» **RECORDED INFORMATION**:

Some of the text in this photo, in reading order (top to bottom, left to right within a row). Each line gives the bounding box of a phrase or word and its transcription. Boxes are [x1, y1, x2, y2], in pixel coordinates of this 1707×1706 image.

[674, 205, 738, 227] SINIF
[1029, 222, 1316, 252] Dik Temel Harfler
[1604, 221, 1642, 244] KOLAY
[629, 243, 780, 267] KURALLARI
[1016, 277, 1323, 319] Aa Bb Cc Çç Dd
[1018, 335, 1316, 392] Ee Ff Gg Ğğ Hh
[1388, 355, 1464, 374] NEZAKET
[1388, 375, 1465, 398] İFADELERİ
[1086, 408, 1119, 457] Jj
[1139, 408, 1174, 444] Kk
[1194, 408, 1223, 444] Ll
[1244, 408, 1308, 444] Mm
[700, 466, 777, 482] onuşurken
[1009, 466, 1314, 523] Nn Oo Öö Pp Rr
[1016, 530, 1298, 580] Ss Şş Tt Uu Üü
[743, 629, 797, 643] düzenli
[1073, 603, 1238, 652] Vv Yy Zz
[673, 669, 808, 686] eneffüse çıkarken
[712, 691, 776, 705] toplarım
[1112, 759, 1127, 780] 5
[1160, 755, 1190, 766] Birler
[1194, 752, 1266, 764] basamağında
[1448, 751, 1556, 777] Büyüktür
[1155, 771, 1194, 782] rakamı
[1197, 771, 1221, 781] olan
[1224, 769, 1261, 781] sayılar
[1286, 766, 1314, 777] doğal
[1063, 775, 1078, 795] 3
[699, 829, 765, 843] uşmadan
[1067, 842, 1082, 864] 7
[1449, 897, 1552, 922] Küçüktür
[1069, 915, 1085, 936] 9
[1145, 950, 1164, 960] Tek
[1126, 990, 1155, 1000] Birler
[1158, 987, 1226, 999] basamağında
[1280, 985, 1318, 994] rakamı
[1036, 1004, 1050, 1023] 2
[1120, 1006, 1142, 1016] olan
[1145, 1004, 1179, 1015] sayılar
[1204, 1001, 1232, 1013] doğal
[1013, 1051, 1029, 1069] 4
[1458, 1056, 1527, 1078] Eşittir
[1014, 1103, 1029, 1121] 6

» **PROBLEM DESCRIPTION**: Give the listing again in its entirety, exactly as written.

» **WRITTEN RESPONSE**:
Some of the text in this photo, in reading order (top to bottom, left to right within a row). Each line gives the bounding box of a phrase or word and its transcription. Boxes are [x1, y1, x2, y2], in pixel coordinates of this 1707×1706 image.

[674, 205, 738, 227] SINIF
[1029, 222, 1316, 252] Dik Temel Harfler
[1604, 221, 1642, 244] KOLAY
[629, 243, 780, 267] KURALLARI
[1016, 277, 1323, 319] Aa Bb Cc Çç Dd
[1018, 335, 1316, 392] Ee Ff Gg Ğğ Hh
[1388, 355, 1464, 374] NEZAKET
[1388, 375, 1465, 398] İFADELERİ
[1086, 408, 1119, 457] Jj
[1139, 408, 1174, 444] Kk
[1194, 408, 1223, 444] Ll
[1244, 408, 1308, 444] Mm
[700, 466, 777, 482] onuşurken
[1009, 466, 1314, 523] Nn Oo Öö Pp Rr
[1016, 530, 1298, 580] Ss Şş Tt Uu Üü
[743, 629, 797, 643] düzenli
[1073, 603, 1238, 652] Vv Yy Zz
[673, 669, 808, 686] eneffüse çıkarken
[712, 691, 776, 705] toplarım
[1112, 759, 1127, 780] 5
[1160, 755, 1190, 766] Birler
[1194, 752, 1266, 764] basamağında
[1448, 751, 1556, 777] Büyüktür
[1155, 771, 1194, 782] rakamı
[1197, 771, 1221, 781] olan
[1224, 769, 1261, 781] sayılar
[1286, 766, 1314, 777] doğal
[1063, 775, 1078, 795] 3
[699, 829, 765, 843] uşmadan
[1067, 842, 1082, 864] 7
[1449, 897, 1552, 922] Küçüktür
[1069, 915, 1085, 936] 9
[1145, 950, 1164, 960] Tek
[1126, 990, 1155, 1000] Birler
[1158, 987, 1226, 999] basamağında
[1280, 985, 1318, 994] rakamı
[1036, 1004, 1050, 1023] 2
[1120, 1006, 1142, 1016] olan
[1145, 1004, 1179, 1015] sayılar
[1204, 1001, 1232, 1013] doğal
[1013, 1051, 1029, 1069] 4
[1458, 1056, 1527, 1078] Eşittir
[1014, 1103, 1029, 1121] 6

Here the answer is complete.